Alors que la plupart des études sur la réponse des anticorps aux vaccins à ARN messager COVID-19, menées par des scientifiques du monde entier, ont principalement porté sur l’effet neutralisant des anticorps contre le virus, Dahan et son équipe ont décidé d’aborder le sujet sous un angle différent : Ils se sont concentrés sur le rôle des anticorps en tant que médiateurs de la communication avec les autres éléments de la réponse immunitaire. Cette communication se fait par l’intermédiaire d’une partie de l’anticorps, appelée « domaine Fc », située à sa « queue » (la barre verticale du « Y »). Certains types de cellules immunitaires sont capables de lire les « étiquettes » moléculaires qui sont ajoutées à cette région et de les interpréter comme des instructions sur ce que doit être leur prochaine étape. Par exemple, différentes combinaisons de petites molécules de sucre et leur disposition le long de la « queue » vont stimuler différents types de cellules et déterminer le résultat de leur communication.


L’équipe de recherche pendant la procédure d’échantillonnage des anticorps

 

Les chercheurs ont constaté que l’empreinte digitale des anticorps antiviraux (la disposition exacte des sucres sur leur queue) différait entre les patients atteints de COVID-19 léger et sévère, et entre les personnes en voie de guérison et les personnes vaccinées. Non seulement différents types d’anticorps étaient produits dans chaque groupe, mais les anticorps variaient dans la manière dont ils remplissaient certaines de leurs fonctions. De plus, des motifs d’enrobage de sucre distincts ornaient la queue des anticorps de chaque groupe, ce qui a également contribué à la variété des tâches qu’ils étaient capables d’accomplir. Dans l’ensemble, les différentes caractéristiques du domaine de la queue, tant structurelles que fonctionnelles, semblent affecter la quantité, la qualité et le mode de protection obtenus par la vaccination, par rapport à l’immunisation naturelle. 

Les chercheurs ont également découvert que les différents groupes d’âge réagissent différemment au vaccin.
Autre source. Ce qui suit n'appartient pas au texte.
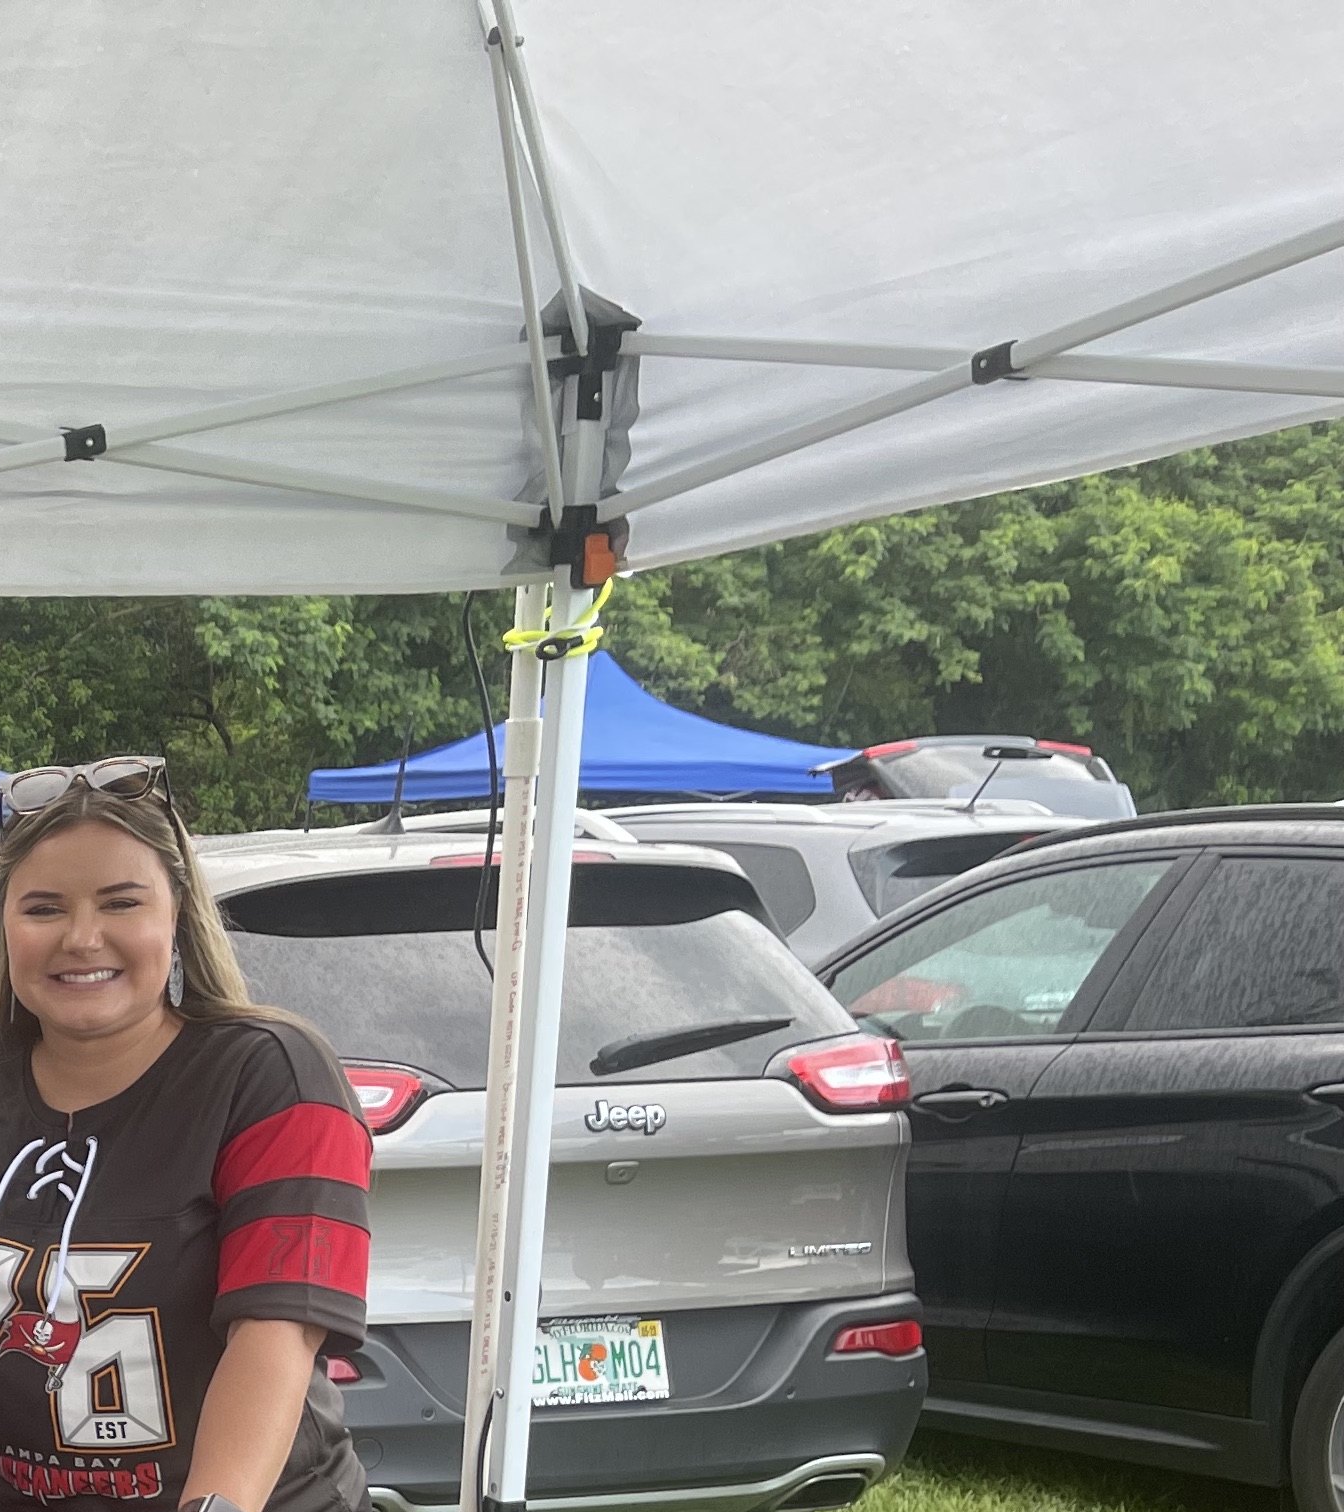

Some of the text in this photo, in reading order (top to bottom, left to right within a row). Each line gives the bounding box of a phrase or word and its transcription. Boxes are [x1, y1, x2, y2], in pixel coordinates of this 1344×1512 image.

[584, 1099, 667, 1135] Jeep
[788, 1240, 872, 1258] LIMITED
[95, 1420, 129, 1440] EST
[74, 1456, 122, 1469] BAY
Par exemple, les anticorps générés chez les participants de plus de 60 ans ont montré une activité neutralisante moindre que les anticorps générés dans le groupe d’âge plus jeune ; leur motif caractéristique d’enrobage de sucre, cependant, suggère que le système immunitaire des individus plus âgés est capable de compenser cela par un meilleur recrutement des cellules qui favorisent l’immunisation. « Nous avons ainsi pu mettre en évidence les mécanismes distincts de contrôle et d’équilibre que le système immunitaire utilise pour mettre en place une réponse efficace dans différents groupes d’âge », explique M. Dahan. 
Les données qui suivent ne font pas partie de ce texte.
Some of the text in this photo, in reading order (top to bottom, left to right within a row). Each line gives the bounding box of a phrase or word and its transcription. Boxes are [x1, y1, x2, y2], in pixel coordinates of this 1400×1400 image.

Le plus important est sans doute que les chercheurs ont pu identifier des anticorps antiviraux distincts dans le groupe vacciné, qui portaient des motifs de molécules de sucre très différents de ceux des patients COVID-19 actifs ou en voie de guérison. Il en résulte une capacité accrue des anticorps à engager d’autres cellules immunitaires et, par conséquent, une immunisation plus efficace. « Nos résultats montrent que les vaccins à ARN messager offrent une bonne protection contre le COVID-19 puisque, à tout le moins, les anticorps qu’ils suscitent, comparés à ceux trouvés chez les patients en convalescence ou actifs, indiquent une immunisation robuste », conclut Dahan. 
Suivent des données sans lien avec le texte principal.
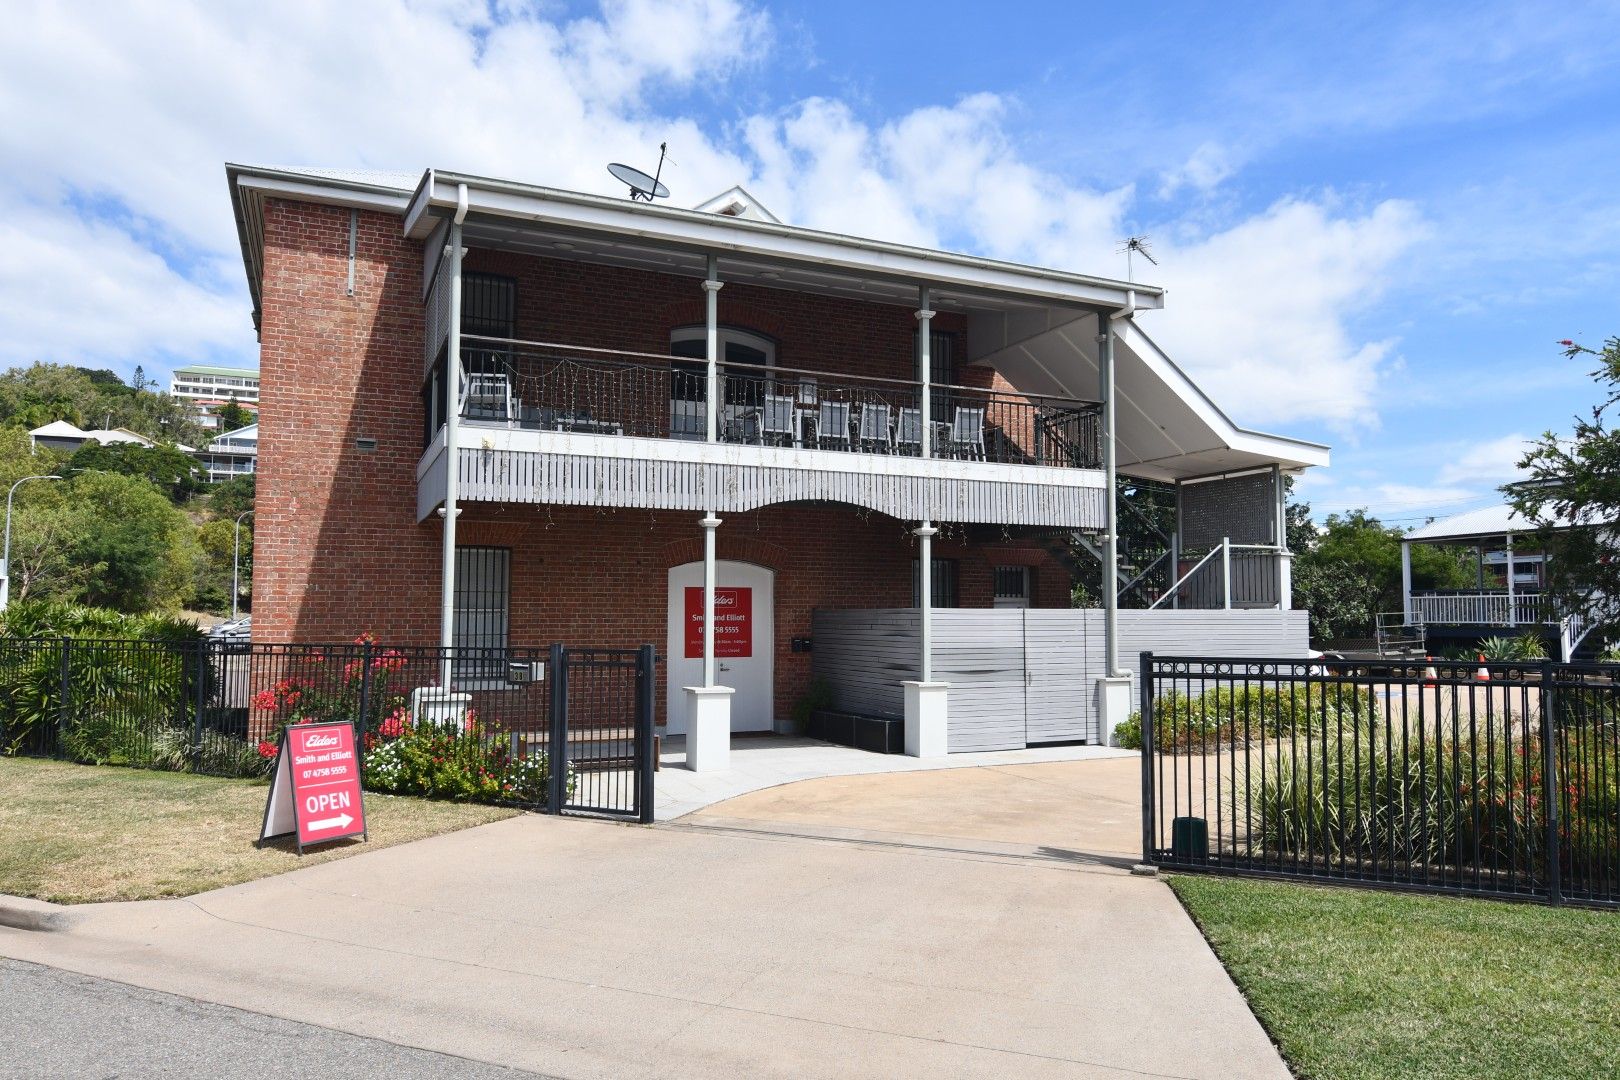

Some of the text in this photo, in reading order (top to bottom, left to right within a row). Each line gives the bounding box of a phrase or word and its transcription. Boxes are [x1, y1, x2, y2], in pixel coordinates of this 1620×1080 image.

[692, 614, 705, 622] Smi
[306, 735, 338, 747] Elders
[295, 751, 352, 765] Smith and Elliott
[303, 765, 347, 779] 07 4758 5555
[306, 790, 351, 814] OPEN
Cette étude ouvre la voie à une compréhension plus approfondie de la manière dont la vaccination avec la nouvelle technologie de l’ARN messager induit l’immunité, en particulier dans le cas d’une infection par le SRAS-CoV-2. Les données présentées pourraient être prises en compte à l’avenir pour améliorer le traitement et la conception des vaccins. 

L’étude a été menée en collaboration avec le de Botton Institute for Protein Profiling et le Nancy and Stephen Grand Israel National Center for Personalized Medicine.